PROBLEM REQUIREMENTS: For each record below, output its text exactly and skip any picture.

DATA SHOWN:
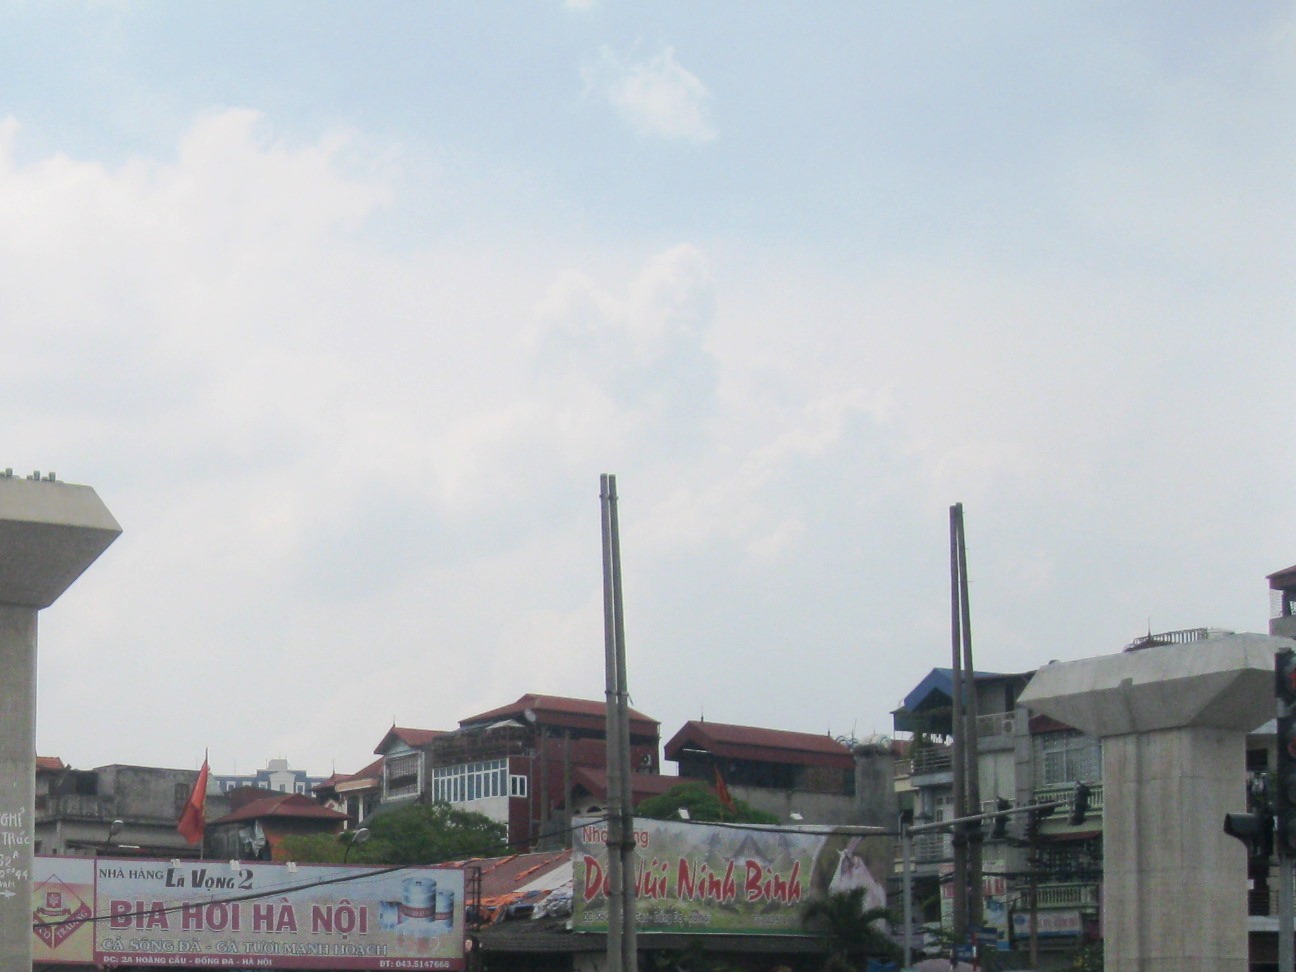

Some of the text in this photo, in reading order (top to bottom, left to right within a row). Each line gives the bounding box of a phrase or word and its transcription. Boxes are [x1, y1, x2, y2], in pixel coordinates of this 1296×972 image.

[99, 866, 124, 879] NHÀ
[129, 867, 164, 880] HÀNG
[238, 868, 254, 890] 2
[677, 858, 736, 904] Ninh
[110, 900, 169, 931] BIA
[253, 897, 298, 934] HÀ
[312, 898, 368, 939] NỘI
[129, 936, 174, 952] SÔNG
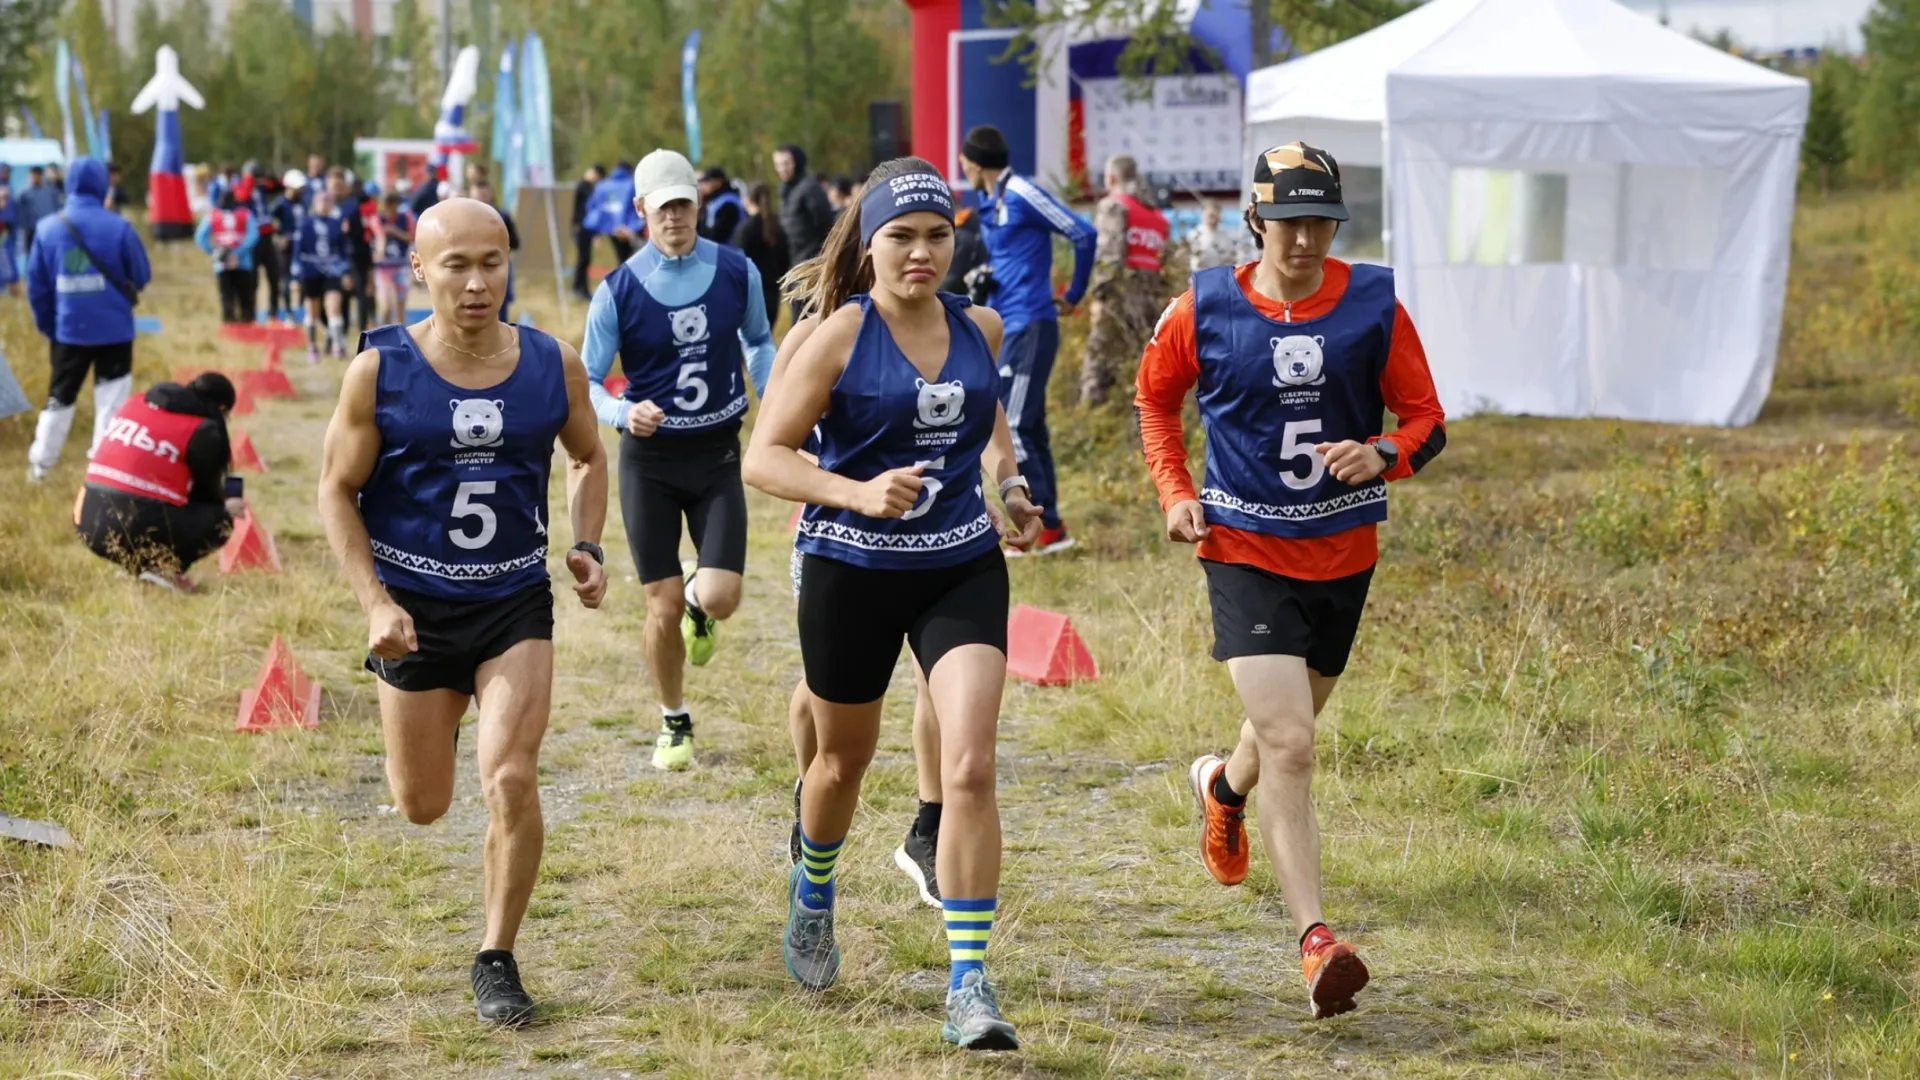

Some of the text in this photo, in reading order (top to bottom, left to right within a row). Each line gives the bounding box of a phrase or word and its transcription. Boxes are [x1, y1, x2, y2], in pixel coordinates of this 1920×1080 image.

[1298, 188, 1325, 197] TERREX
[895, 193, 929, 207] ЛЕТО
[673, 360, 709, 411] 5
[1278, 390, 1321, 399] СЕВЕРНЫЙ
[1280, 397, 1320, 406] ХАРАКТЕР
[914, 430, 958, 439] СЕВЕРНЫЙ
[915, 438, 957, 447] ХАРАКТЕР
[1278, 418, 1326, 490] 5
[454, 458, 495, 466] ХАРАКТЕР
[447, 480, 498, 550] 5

EXERCISE ANSWER:
Some of the text in this photo, in reading order (top to bottom, left to right within a row). Each line gives the bounding box of a phrase or word and its transcription. Boxes are [x1, y1, x2, y2], in pixel coordinates of this 1296×972 image.

[99, 866, 124, 879] NHÀ
[129, 867, 164, 880] HÀNG
[238, 868, 254, 890] 2
[677, 858, 736, 904] Ninh
[110, 900, 169, 931] BIA
[253, 897, 298, 934] HÀ
[312, 898, 368, 939] NỘI
[129, 936, 174, 952] SÔNG

Some of the text in this photo, in reading order (top to bottom, left to right within a row). Each line gives the bounding box of a phrase or word and its transcription. Boxes are [x1, y1, x2, y2], in pixel coordinates of this 1920×1080 image.

[1298, 188, 1325, 197] TERREX
[895, 193, 929, 207] ЛЕТО
[673, 360, 709, 411] 5
[1278, 390, 1321, 399] СЕВЕРНЫЙ
[1280, 397, 1320, 406] ХАРАКТЕР
[914, 430, 958, 439] СЕВЕРНЫЙ
[915, 438, 957, 447] ХАРАКТЕР
[1278, 418, 1326, 490] 5
[454, 458, 495, 466] ХАРАКТЕР
[447, 480, 498, 550] 5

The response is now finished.